> [TASK GOAL] Your task is to repeat the entries below exactly and to leave their images out.

> [INFORMATION]
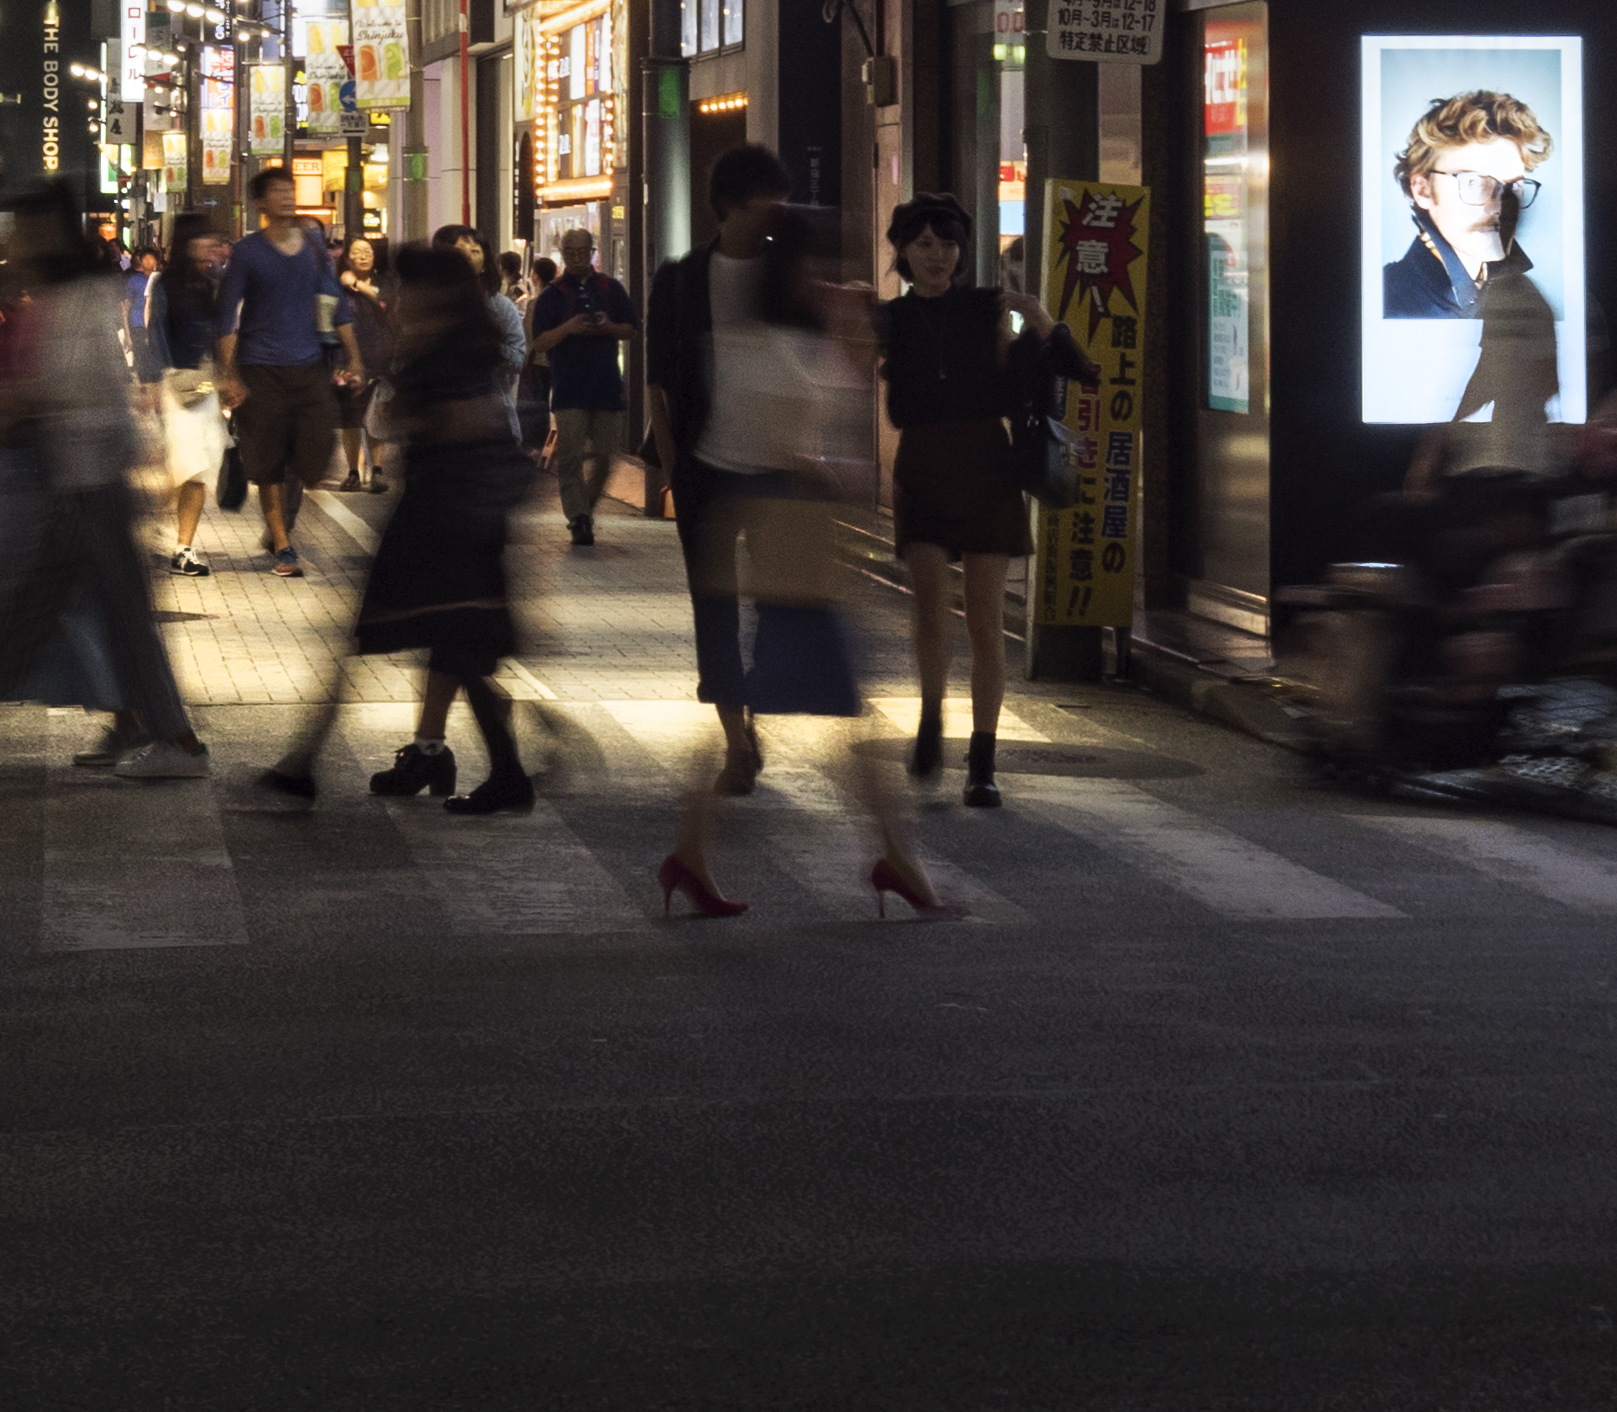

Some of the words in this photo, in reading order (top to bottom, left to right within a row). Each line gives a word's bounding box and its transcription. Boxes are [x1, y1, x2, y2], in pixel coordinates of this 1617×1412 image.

[44, 15, 59, 53] THE
[43, 60, 59, 113] BODY
[1101, 314, 1136, 575] 路上の居酒屋の
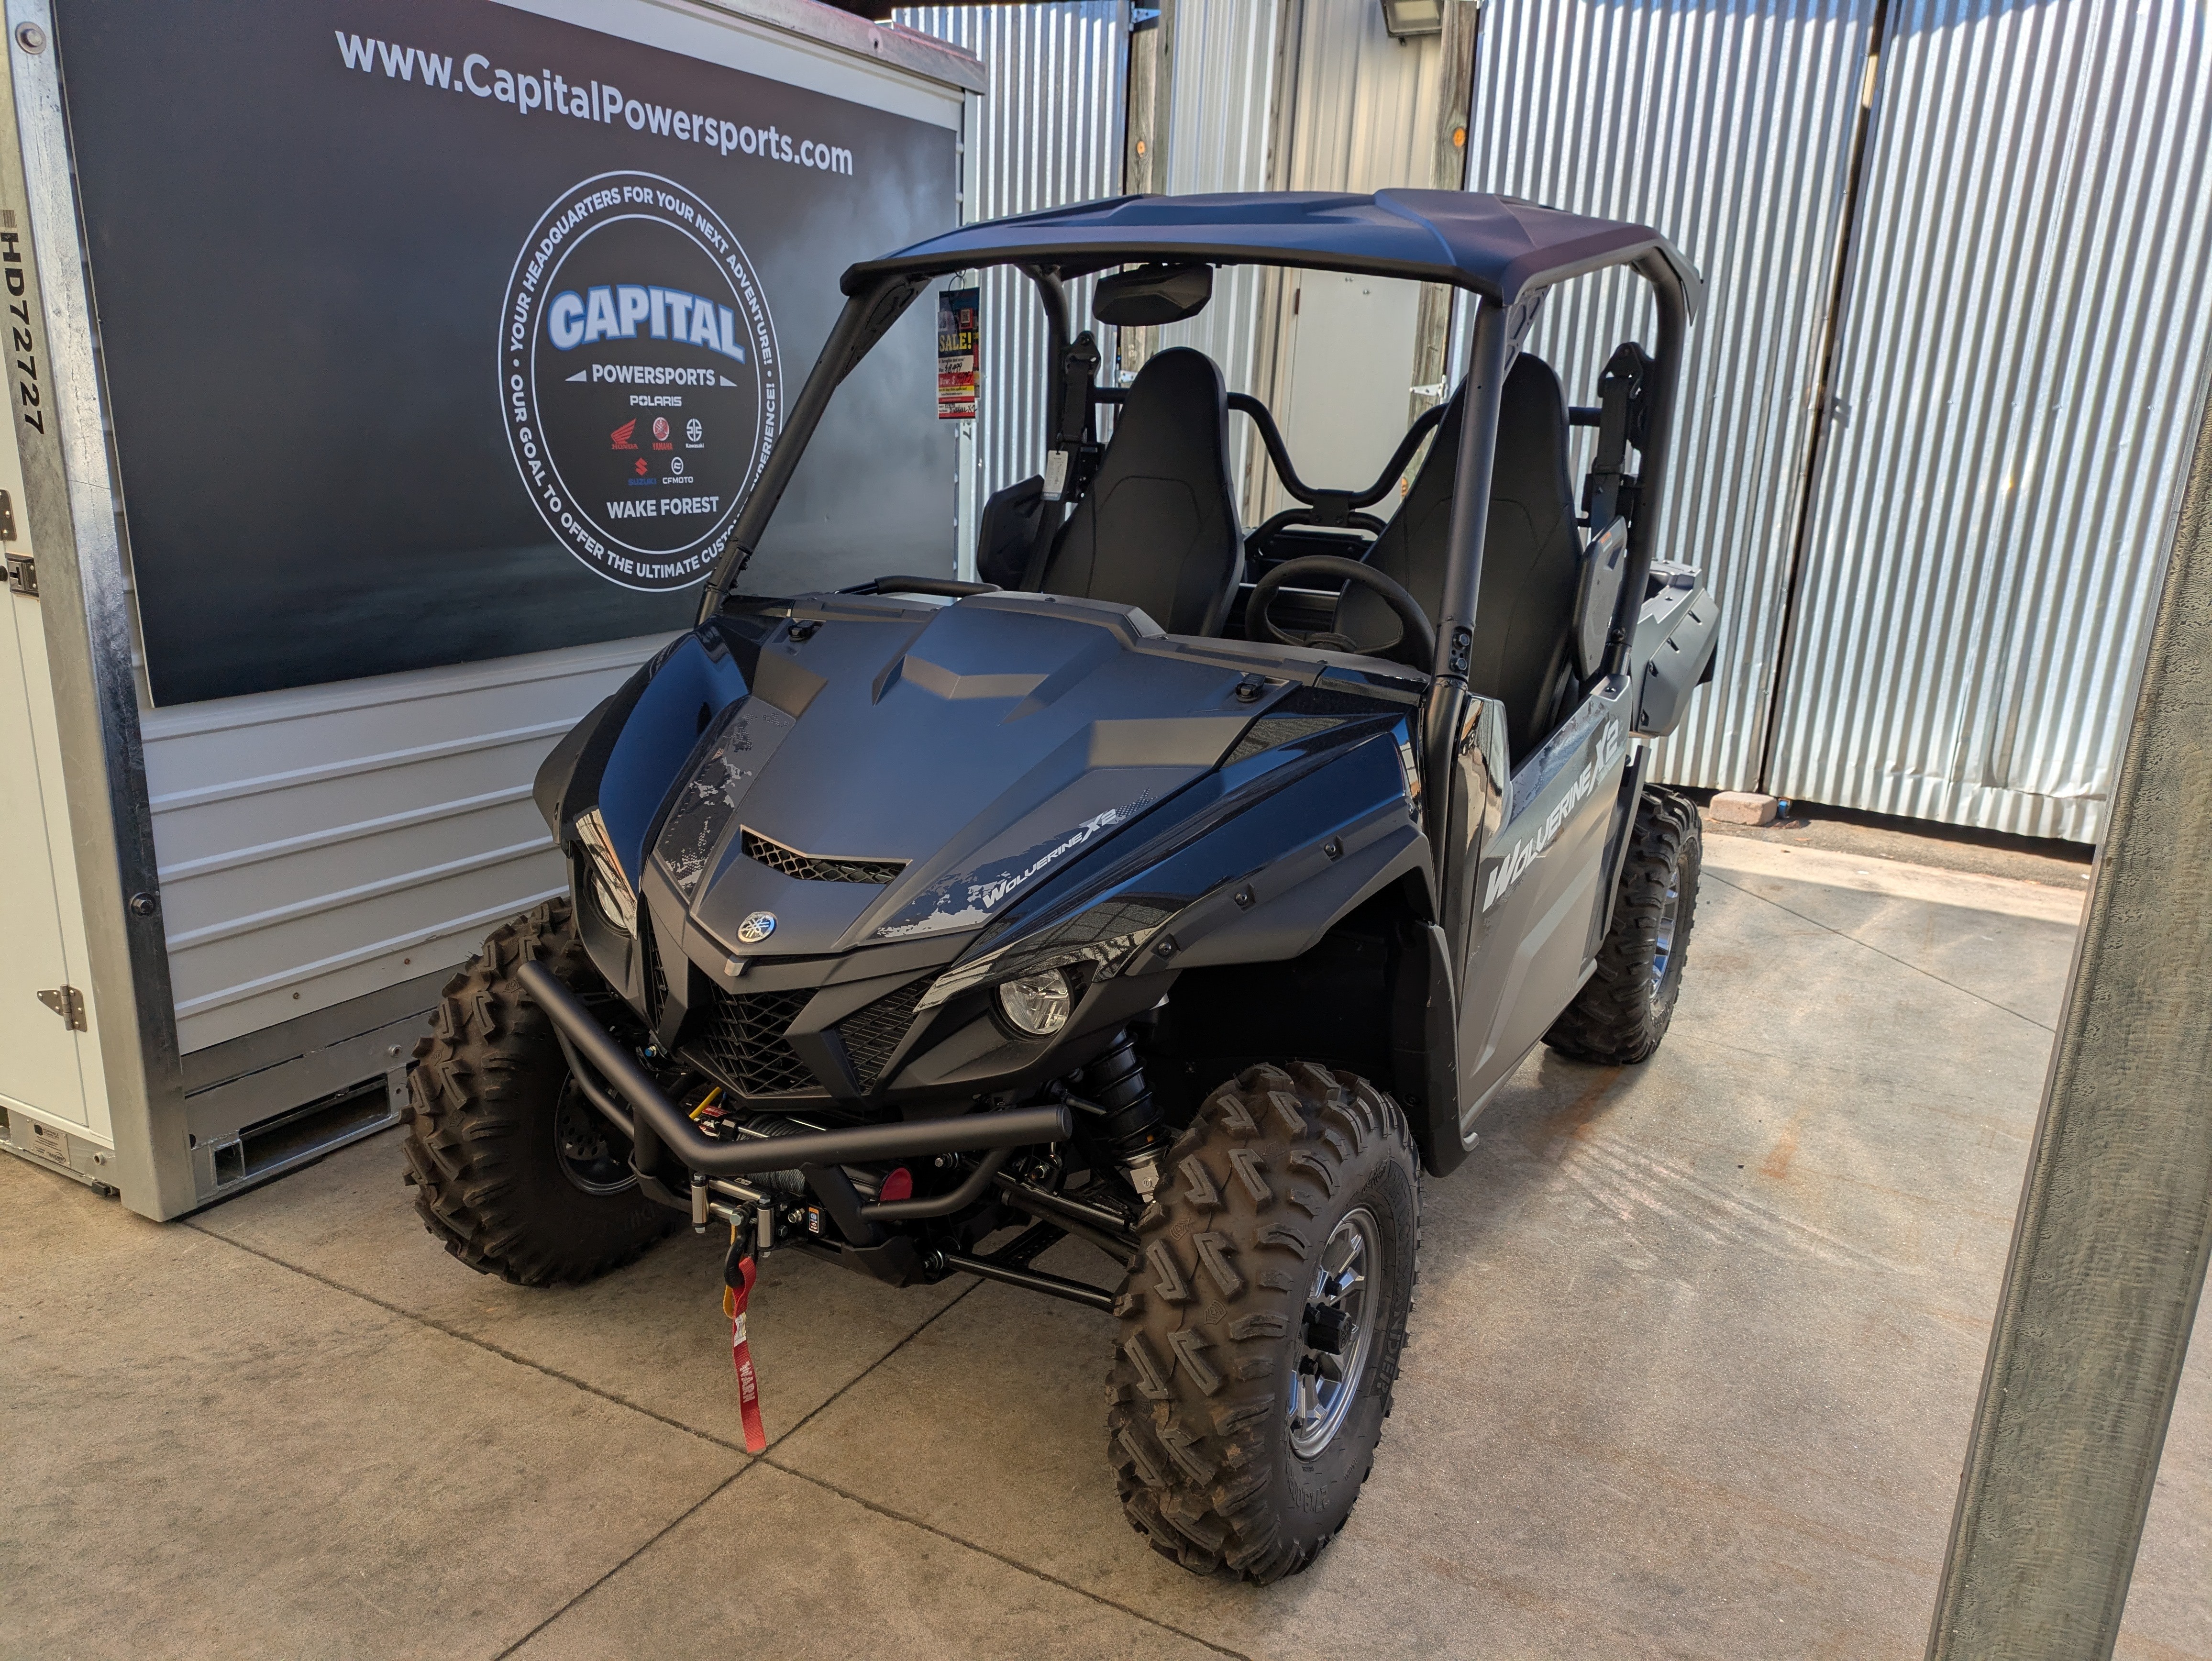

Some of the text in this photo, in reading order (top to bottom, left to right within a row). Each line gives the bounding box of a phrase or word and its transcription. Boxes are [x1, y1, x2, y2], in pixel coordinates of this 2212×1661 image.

[334, 30, 853, 176] www.CapitalPowersports.com
[510, 186, 773, 365] YOUR HEADQUARTERS FOR YOUR NEXT ADVENTURE!
[0, 233, 44, 435] HD72727
[548, 284, 746, 364] CAPITAL
[940, 332, 972, 352] SALE!
[592, 364, 716, 387] POWERSPORTS
[630, 395, 682, 407] POLARIS
[652, 442, 673, 450] YAMAHA
[510, 375, 528, 422] OUR
[519, 426, 544, 487] GOAL
[543, 483, 563, 513] TO
[561, 513, 605, 560] OFFER
[607, 550, 634, 575] THE
[636, 555, 700, 578] ULTIMATE
[606, 496, 719, 519] WAKE FOREST
[740, 1361, 755, 1403] WARN
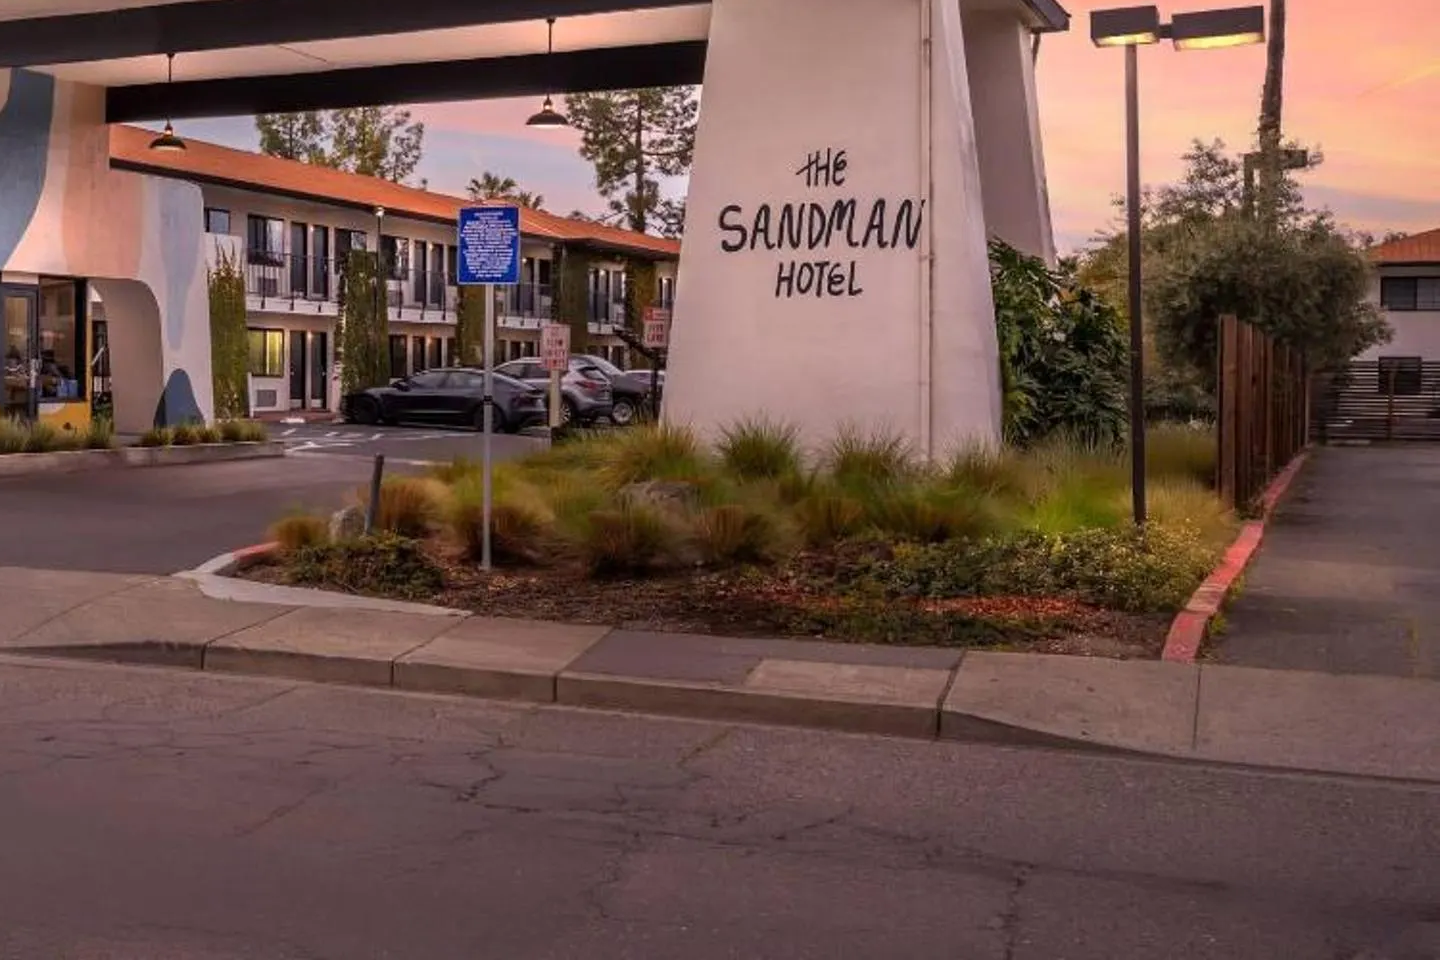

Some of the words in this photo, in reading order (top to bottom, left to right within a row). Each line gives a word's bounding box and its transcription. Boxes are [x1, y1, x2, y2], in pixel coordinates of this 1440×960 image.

[796, 147, 848, 188] THE
[718, 197, 927, 253] SANDMAN
[775, 260, 863, 299] HOTEL
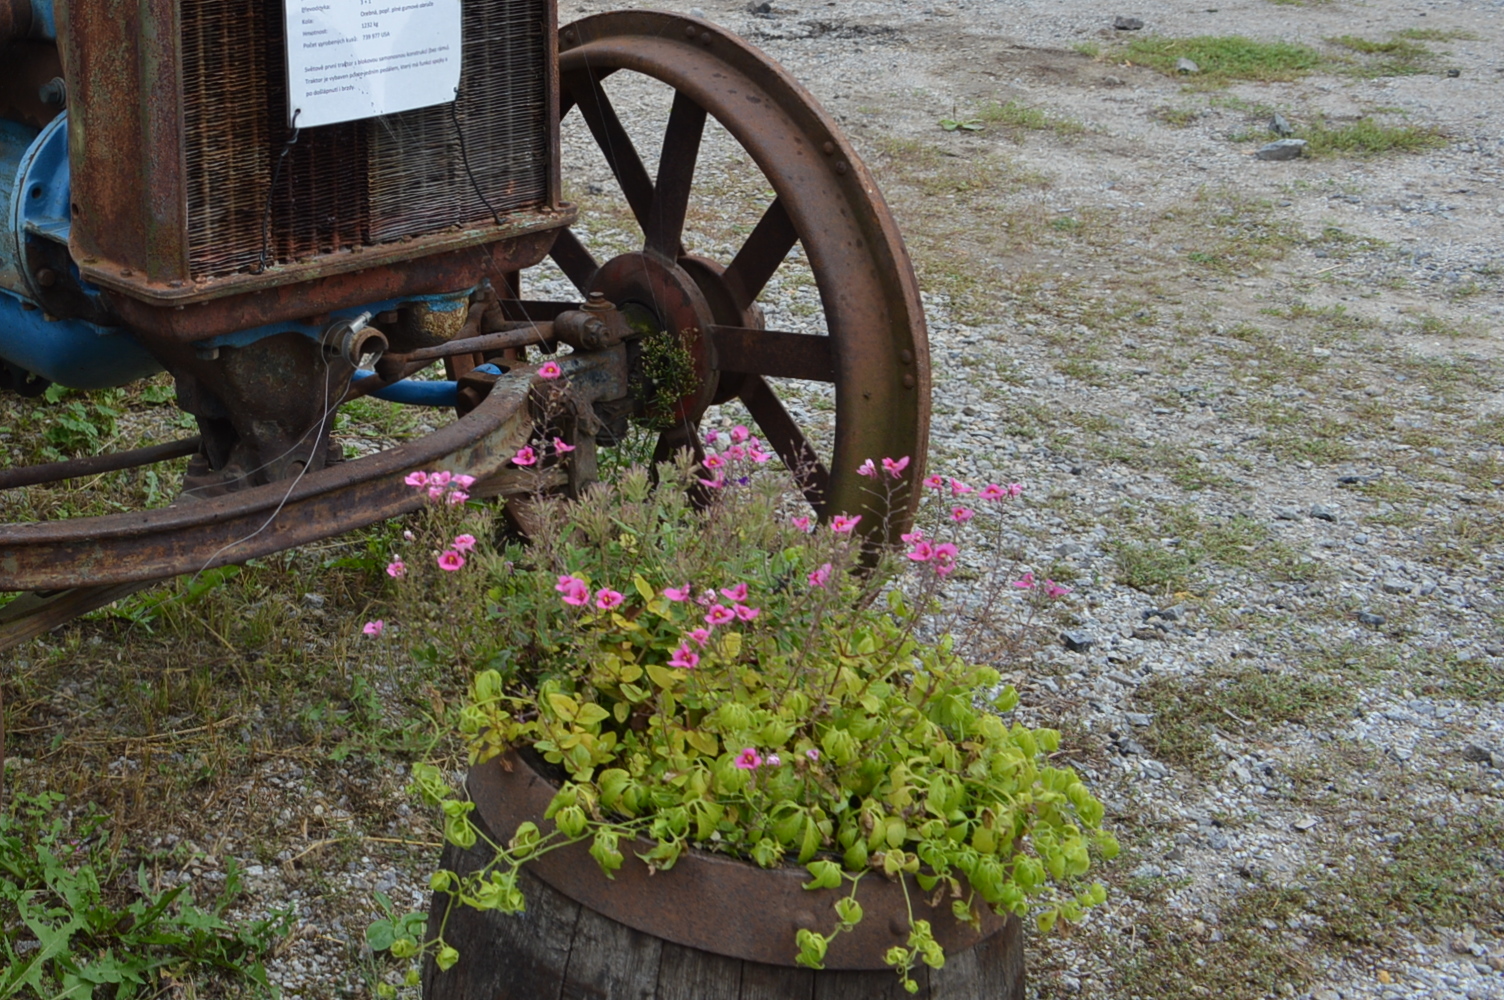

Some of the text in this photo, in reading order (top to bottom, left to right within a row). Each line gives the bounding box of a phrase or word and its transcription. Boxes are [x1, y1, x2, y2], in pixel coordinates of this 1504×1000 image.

> [WRITTEN RESPONSE]
Some of the words in this photo, in reading order (top to bottom, left to right within a row). Each line gives a word's bounding box and its transcription. Boxes are [x1, y1, x2, y2], in pixel coordinates of this 1617×1412 image.

[44, 15, 59, 53] THE
[43, 60, 59, 113] BODY
[1101, 314, 1136, 575] 路上の居酒屋の

Some of the text in this photo, in reading order (top to bottom, left to right within a row). Each line gives the bounding box of a phrase or word and its transcription. Boxes are [x1, y1, x2, y2], in pixel coordinates of this 2212×1661 image.

[334, 30, 853, 176] www.CapitalPowersports.com
[510, 186, 773, 365] YOUR HEADQUARTERS FOR YOUR NEXT ADVENTURE!
[0, 233, 44, 435] HD72727
[548, 284, 746, 364] CAPITAL
[940, 332, 972, 352] SALE!
[592, 364, 716, 387] POWERSPORTS
[630, 395, 682, 407] POLARIS
[652, 442, 673, 450] YAMAHA
[510, 375, 528, 422] OUR
[519, 426, 544, 487] GOAL
[543, 483, 563, 513] TO
[561, 513, 605, 560] OFFER
[607, 550, 634, 575] THE
[636, 555, 700, 578] ULTIMATE
[606, 496, 719, 519] WAKE FOREST
[740, 1361, 755, 1403] WARN

Some of the words in this photo, in reading order (top to bottom, left to right within a row). Each line gives a word's bounding box and its transcription. Boxes are [x1, y1, x2, y2], in pixel coordinates of this 1440×960 image.

[796, 147, 848, 188] THE
[718, 197, 927, 253] SANDMAN
[775, 260, 863, 299] HOTEL

Some of the text in this photo, in reading order (top to bottom, left to right within a row). Each line gives the bounding box of a phrase or word and its transcription. Boxes are [x1, y1, x2, y2], in pixel coordinates of this 1504×1000 image.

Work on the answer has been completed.